%%

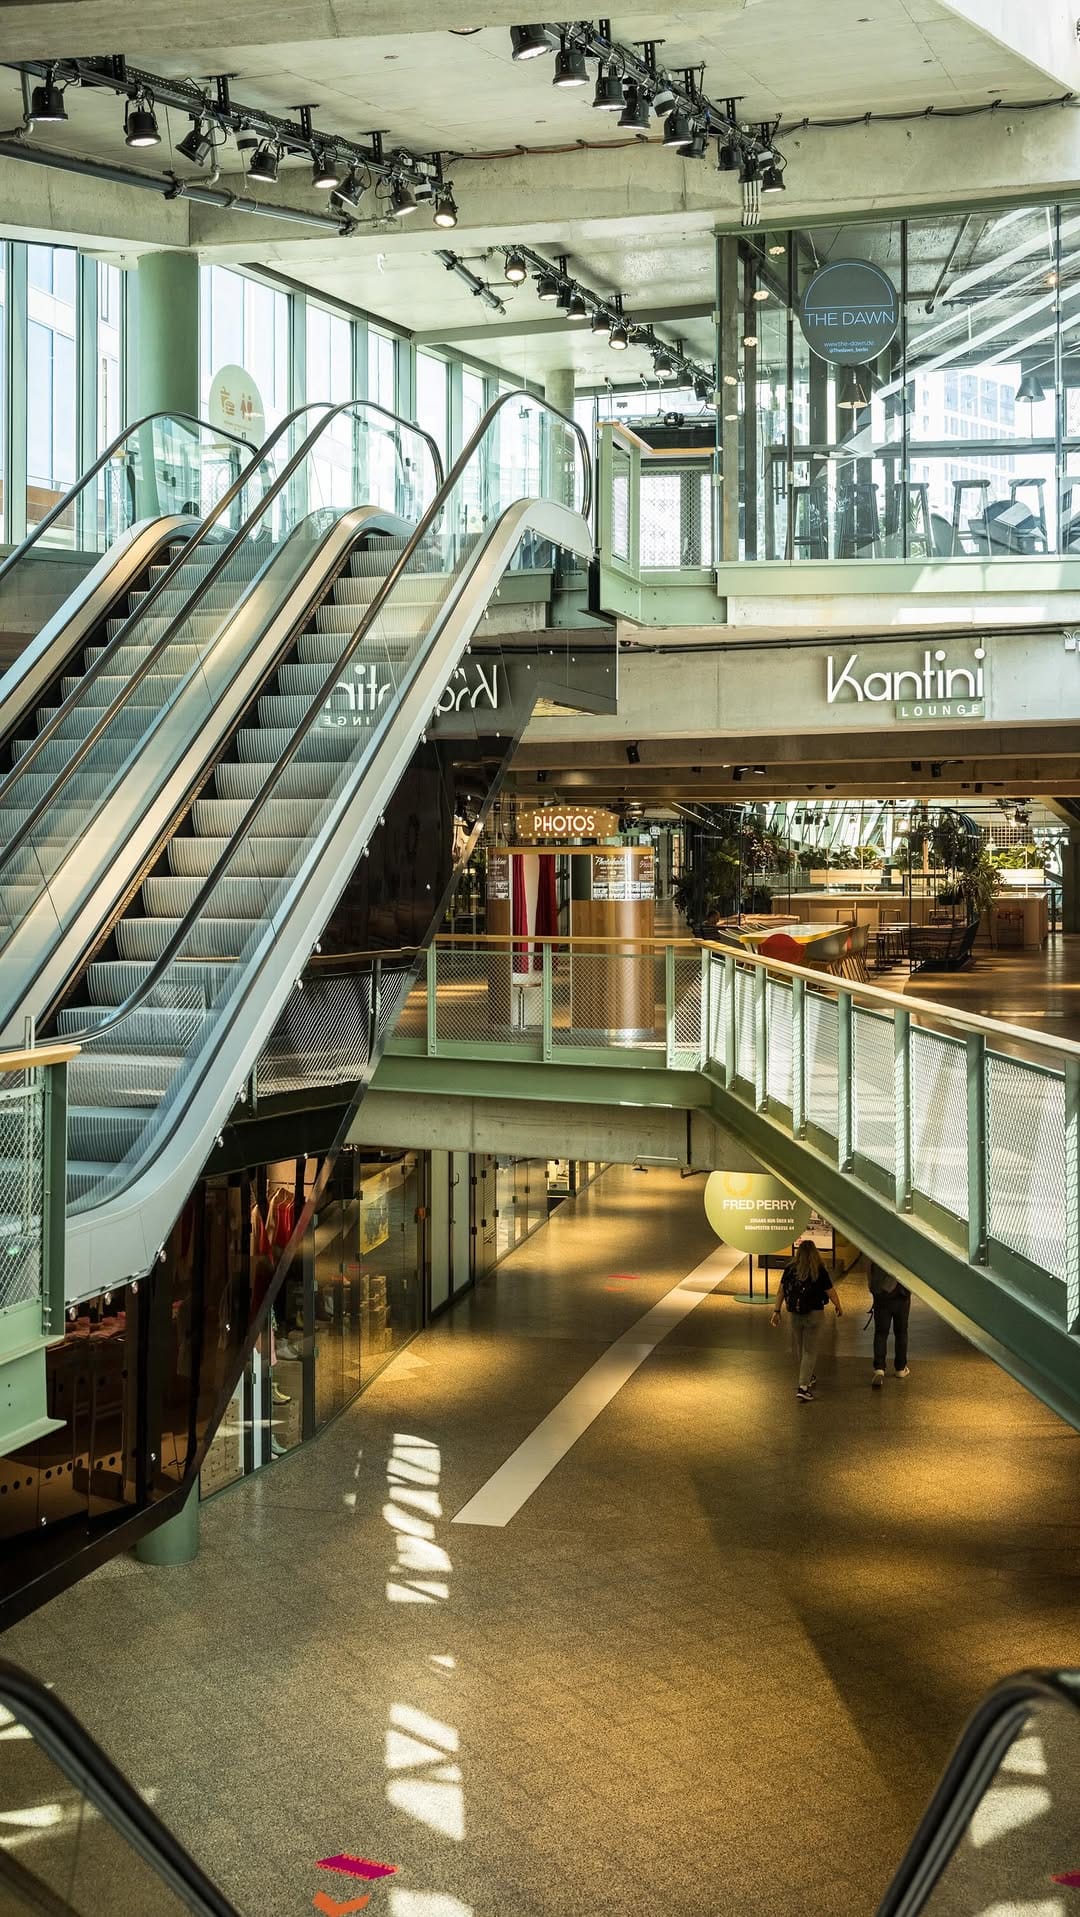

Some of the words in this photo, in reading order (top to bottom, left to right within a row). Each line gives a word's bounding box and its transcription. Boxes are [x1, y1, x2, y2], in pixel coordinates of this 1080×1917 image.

[804, 312, 838, 327] THE
[842, 311, 895, 326] DAWN
[827, 648, 985, 703] Kantini
[901, 704, 980, 717] LOUNGE
[534, 815, 595, 832] PHOTOS
[722, 1199, 755, 1211] FRED
[756, 1199, 798, 1211] PERRY

%%

PROBLEM DETAILS -> When you write out the data, keep every line exact and drop the pictures.

TASK RESULT ->
Some of the words in this photo, in reading order (top to bottom, left to right within a row). Each line gives a word's bounding box and its transcription. Boxes are [x1, y1, x2, y2], in pixel coordinates of this 1080×1917 image.

[804, 312, 838, 327] THE
[842, 311, 895, 326] DAWN
[827, 648, 985, 703] Kantini
[901, 704, 980, 717] LOUNGE
[534, 815, 595, 832] PHOTOS
[722, 1199, 755, 1211] FRED
[756, 1199, 798, 1211] PERRY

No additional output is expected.